2020 CERC Postdoc event – Career advice for researchers

June 22nd, 2021

Online, Sept 2020

Due to Covid-19 restrictions this event was held online. However, this gave us the opportunity to hear from a panel of CSIRO Alumni across Australia, talking about their career journeys after working at CSIRO.

Dr Jenny Stauber opened the event and spoke about her own career and experiences.

Our panellists talked about their time at CSIRO and how they had moved onto other organisations.
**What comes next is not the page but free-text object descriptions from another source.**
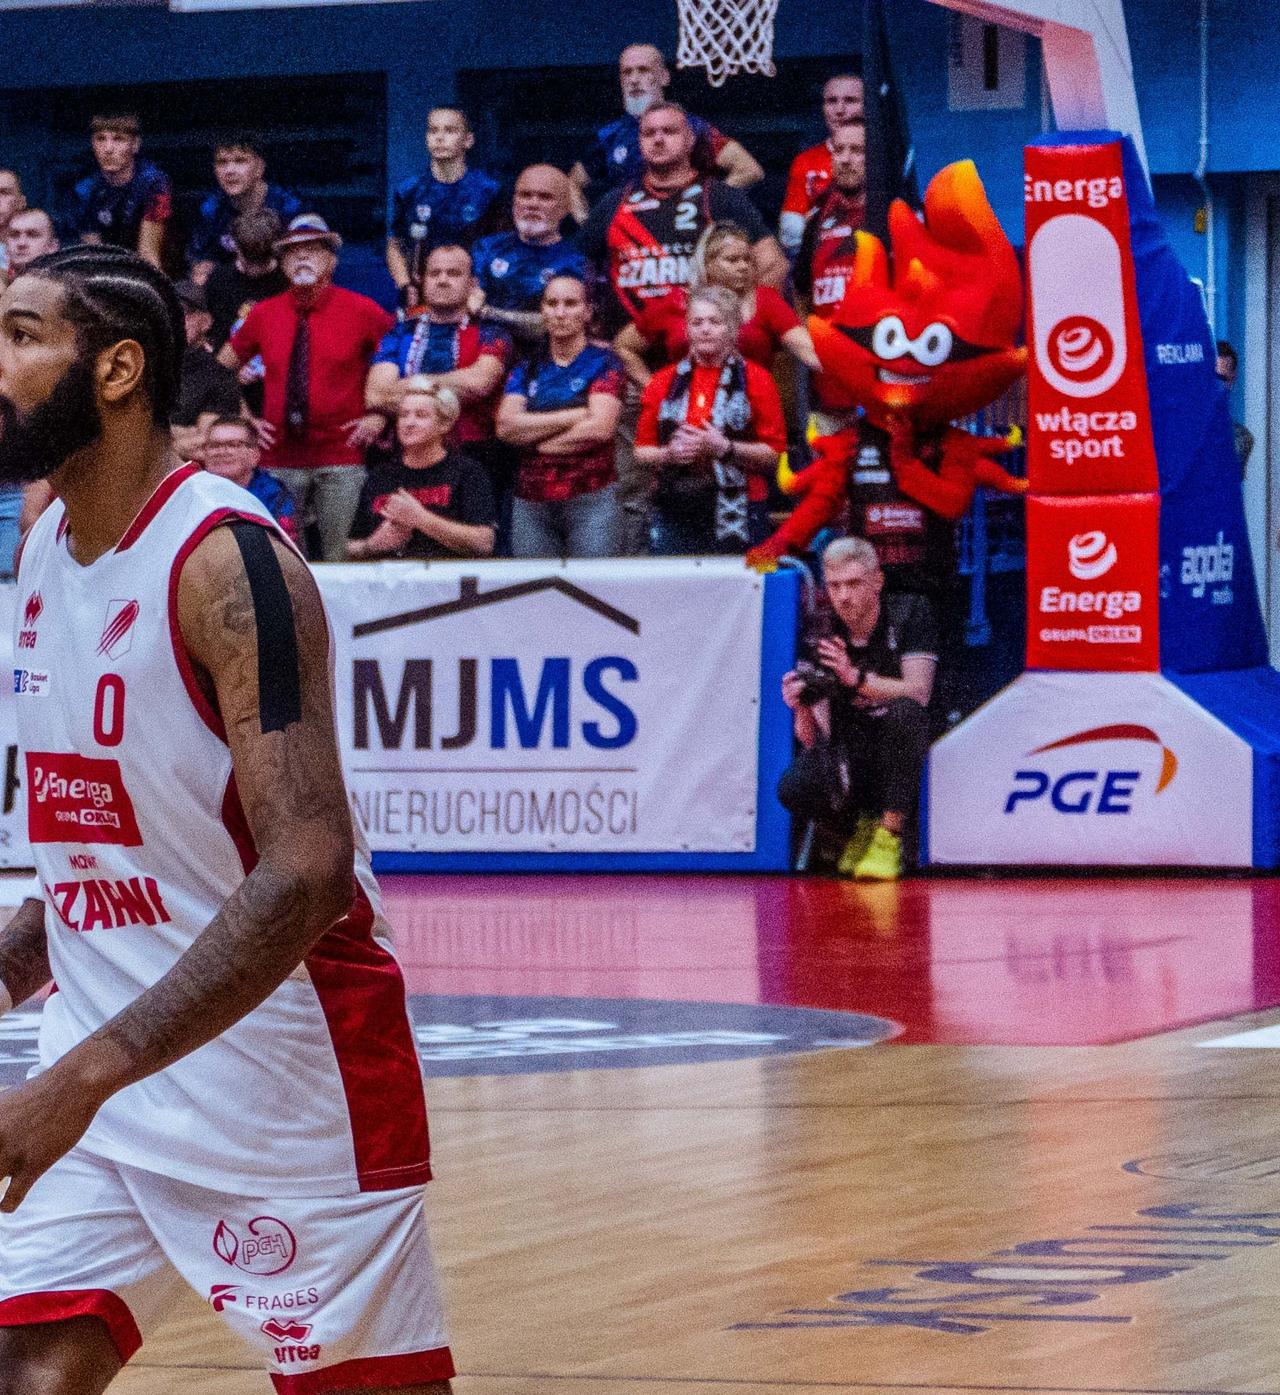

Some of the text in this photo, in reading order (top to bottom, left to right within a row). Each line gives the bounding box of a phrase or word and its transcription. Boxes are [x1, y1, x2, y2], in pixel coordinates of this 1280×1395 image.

[674, 202, 698, 230] 2
[1035, 406, 1137, 437] włącza
[1050, 434, 1125, 466] sport
[1040, 586, 1141, 619] Energa
[93, 673, 126, 747] 0
[352, 655, 639, 750] MJMS
[351, 782, 638, 836] NIERUCHOMOŚCI
[1004, 770, 1141, 815] PGE
[246, 1287, 319, 1310] FRAGES
There was a general Q&A session, followed by breakout rooms (online) where the conversations continued in smaller groups.
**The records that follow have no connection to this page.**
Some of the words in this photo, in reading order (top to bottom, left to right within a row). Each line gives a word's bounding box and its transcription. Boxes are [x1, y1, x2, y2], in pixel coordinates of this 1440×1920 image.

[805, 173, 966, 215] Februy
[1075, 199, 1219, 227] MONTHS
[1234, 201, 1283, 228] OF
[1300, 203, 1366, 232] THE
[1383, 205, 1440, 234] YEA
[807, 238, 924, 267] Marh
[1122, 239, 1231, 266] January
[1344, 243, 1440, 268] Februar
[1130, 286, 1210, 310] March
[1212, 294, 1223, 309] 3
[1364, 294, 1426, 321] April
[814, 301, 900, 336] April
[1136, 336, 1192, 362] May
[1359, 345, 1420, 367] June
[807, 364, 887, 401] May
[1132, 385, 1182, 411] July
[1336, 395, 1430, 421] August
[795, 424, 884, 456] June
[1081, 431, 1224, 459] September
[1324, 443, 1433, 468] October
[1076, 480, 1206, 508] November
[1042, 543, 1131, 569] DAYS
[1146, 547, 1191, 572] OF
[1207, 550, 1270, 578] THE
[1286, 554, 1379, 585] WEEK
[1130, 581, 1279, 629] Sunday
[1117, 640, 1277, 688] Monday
We really appreciate the panellists taking the time to share their knowledge and experience and would like to thank them:


Madeline Mitchell

Research program manager, Constellation for Natural Capital, Food Agility and Research Fellow at RMIT Centre for Urban Research.
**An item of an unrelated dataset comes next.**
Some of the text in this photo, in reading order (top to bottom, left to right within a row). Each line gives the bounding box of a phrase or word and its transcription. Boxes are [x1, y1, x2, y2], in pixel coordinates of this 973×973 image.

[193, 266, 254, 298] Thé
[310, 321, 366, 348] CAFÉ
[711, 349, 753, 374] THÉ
Collaboratively designing and facilitating research projects to develop farm-scale solutions that help farmers better manage their natural capital and the effects of climate for sustainability and disaster resilience.


Calum Kinnear

Research Scientist, CSL

Calum has a demonstrated history of working both in the higher education sector and industry. Skilled in Nanomedicine, Materials Science, Data Analysis, Nanomaterials, Spectroscopy, Team Building, Presenting, and Teaching. Research professional with a PhD focused in BioNanomaterials from the Adolphe Merkle Institute, Switzerland


Alexie Papanicolaou

Senior Lecturer, Western Sydney University and Deputy Chair, EMCR Forum Executive

Dr Alexie Papanicolaou blends the frontiers of molecular biology and computer science to secure Australia’s agricultural and natural ecosystems in the face of a changing climate.
He is a genome bioinformatician working on ecological and economically important species, such as the Heliconius butterflies, Helicoverpa armigera the cotton bollworm moth, invasive Tephritid fruit flies and eucalyptus trees.
Dr Alexie Papanicolaou’s main interest is developing bioinformatics capability to address evolutionary questions such as how organisms adapt to a changing or novel environment and therefore works on the crux of biosecurity, climate adaptation and evolutionary biology.


Dr Maria de la Paz Vilas

Senior Scientist at Queensland Government

Maria is interested in increasing sustainability in agricultural catchments. She holds a PhD from the University of Western Australia where she studied the impact of invasive submerged plants on water quality. As a postdoctoral Fellow at CSIRO, she worked on optimising fertiliser management to protect the health of the Great Barrier Reef. In her current role, she uses mathematical modelling to evaluate how agricultural practices affect the loads of pollutants in the Great Barrier Reef catchments with the ultimate goal of assessing progress towards the Reef 2050 Water Quality Improvement Plan targets. She works across the disciplinary divide with collaborators from engineering, ecology, mathematics, and social science. In 2019, she was awarded the “Best Young Research Award” by the International Society for Ecological Modelling.